Impact to Journey Medical Product Sales
Topic 606 does not generally change the practice under which the Company recognizes product revenue from sales of Targadox®, Luxamend® and Ceracade®. The Company’s performance obligation to deliver products is satisfied at the point in time that the goods are delivered to the customer, which is when the customer obtains title to and has the risks and rewards of ownership of the products.
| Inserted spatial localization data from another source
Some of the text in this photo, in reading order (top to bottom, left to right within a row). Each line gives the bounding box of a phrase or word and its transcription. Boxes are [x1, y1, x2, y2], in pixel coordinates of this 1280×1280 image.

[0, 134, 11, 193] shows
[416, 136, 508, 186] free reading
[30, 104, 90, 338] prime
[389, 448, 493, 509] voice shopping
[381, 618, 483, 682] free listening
The Company’s contracts include variable consideration in the form of refunds for rights of return, price protection, and consideration payable to the customer. As such, for the three months ended March 31, 2018 and 2017, the Company recorded a return reserve of $0.7 million and $0.1 million, respectively. The Company estimates variable consideration using a percentage of sales approach. Under this method, the transaction price is constrained for the potential future returns and consideration payable to the customer because it is not probable that a significant reversal in the amount of cumulative revenue recognized will not occur.
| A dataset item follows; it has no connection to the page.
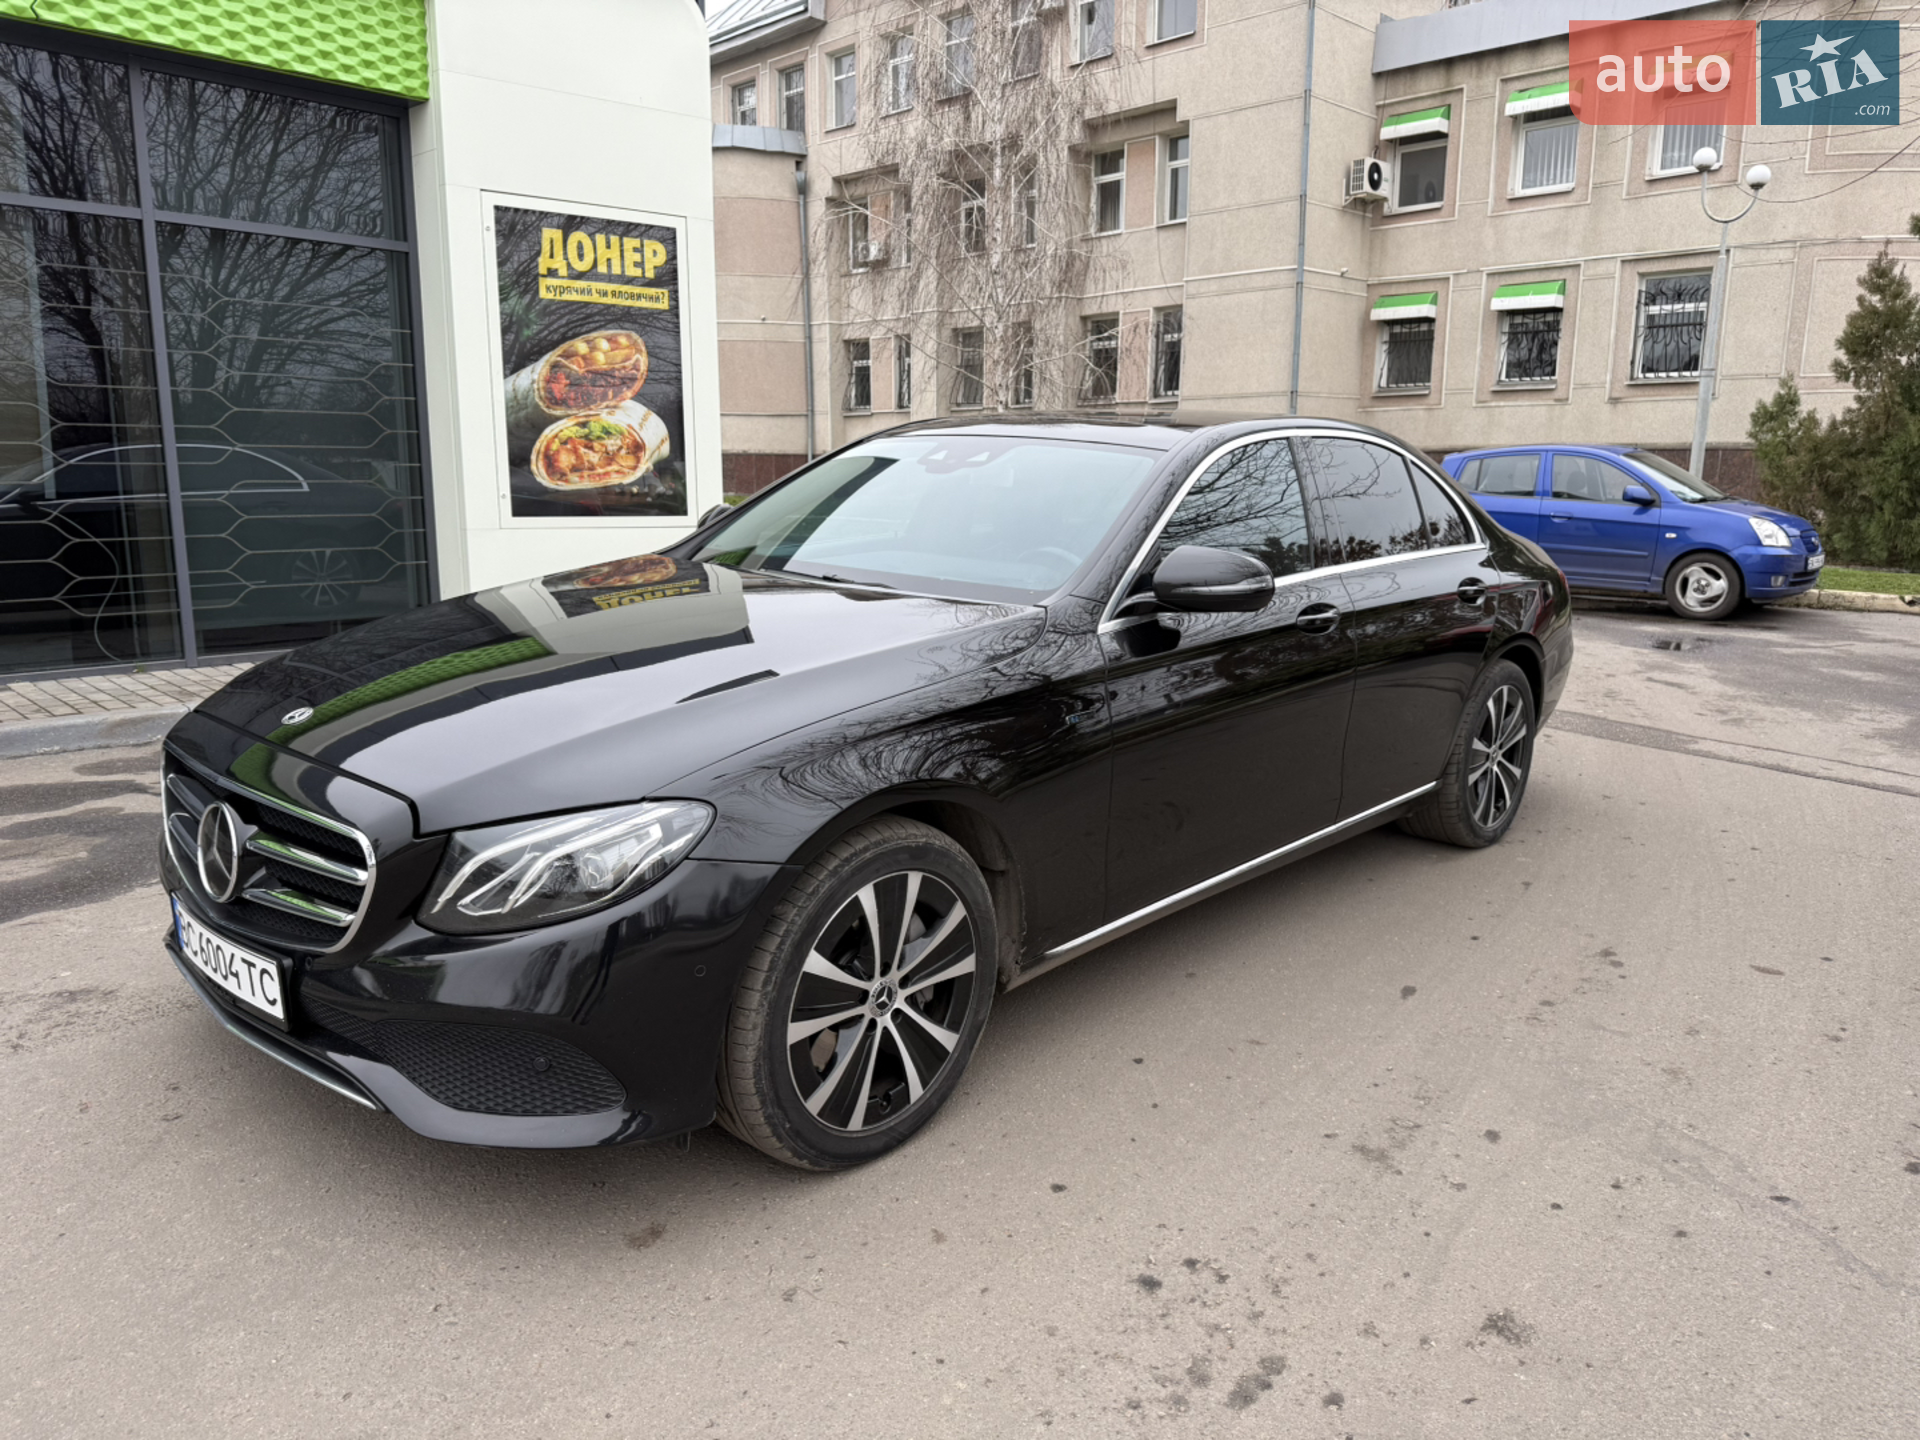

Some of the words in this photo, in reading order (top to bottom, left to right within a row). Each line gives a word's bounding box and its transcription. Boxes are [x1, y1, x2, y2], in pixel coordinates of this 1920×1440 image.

[538, 228, 667, 279] ДОНЕР
[545, 284, 593, 297] курячий
[595, 288, 608, 299] чи
Because the Company’s agreements for product and product-related services revenue have an expected duration of one year or less, the Company has elected the practical expedient in ASC 606-10-50-14(a) to not disclose information about its remaining performance obligations.
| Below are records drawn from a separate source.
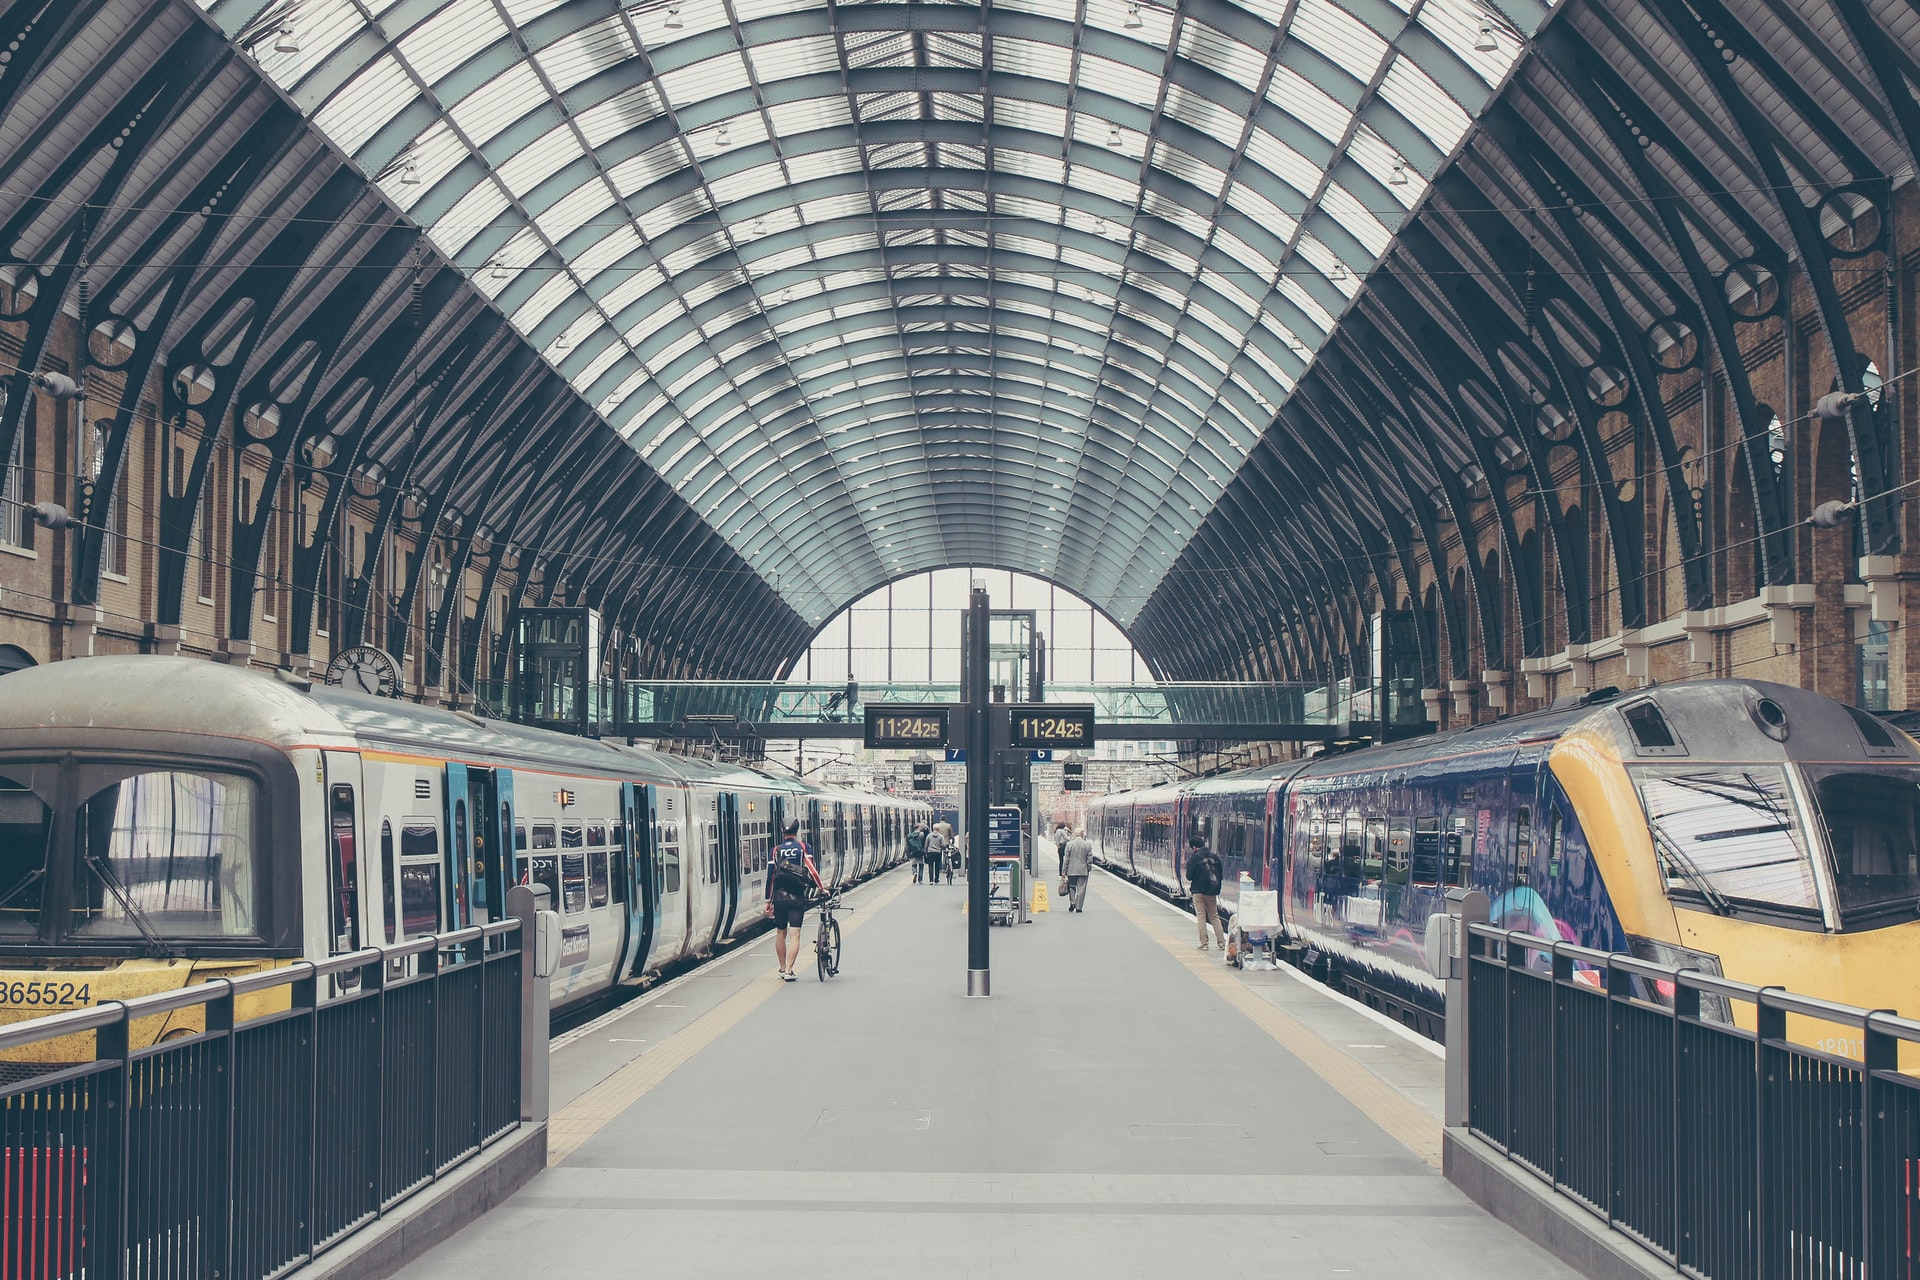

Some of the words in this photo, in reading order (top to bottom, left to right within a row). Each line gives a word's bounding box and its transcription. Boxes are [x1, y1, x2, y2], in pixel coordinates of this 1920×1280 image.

[951, 748, 960, 759] 7
[1037, 749, 1046, 759] 6
[780, 848, 798, 857] TCC
[563, 937, 573, 956] Great
[572, 935, 588, 953] Northern
Impact to Collaboration and License Agreement Revenues
In March 2015, the Company entered into an exclusive license agreement with Dana-Farber to develop a portfolio of fully human immuno-oncology targeted antibodies. Under the terms of the agreement, Checkpoint paid Dana-Farber an up-front licensing fee of $1.0 million and, on May 11, 2015, the Company granted Dana-Farber 500,000 shares, valued at $32,500 or $0.065 per share. The agreement included an anti-dilution clause that maintained Dana-Farber’s ownership at 5% until such time that the Company raised $10 million in cash in exchange for common shares. Pursuant to this provision, on September 30, 2015, the Company granted to Dana-Farber an additional 136,830 shares of common stock valued at approximately $0.6 million and the anti-dilution clause thereafter expired. Dana-Farber is eligible to receive payments of up to an aggregate of approximately $21.5 million for each licensed product upon the Company’s successful achievement of certain clinical development, regulatory and first commercial sale milestones. In addition, Dana-Farber is eligible to receive up to an aggregate of $60.0 million upon the Company’s successful achievement of certain sales milestones based on aggregate net sales, in addition to royalty payments based on a tiered low to mid-single digit percentage of net sales. Following the second anniversary of the effective date of the license agreement, Dana-Farber receives an annual license maintenance fee, which is creditable against milestone payments or royalties due to Dana-Farber. The portfolio of antibodies licensed from Dana-Farber include antibodies targeting PD-L1, GITR and CAIX.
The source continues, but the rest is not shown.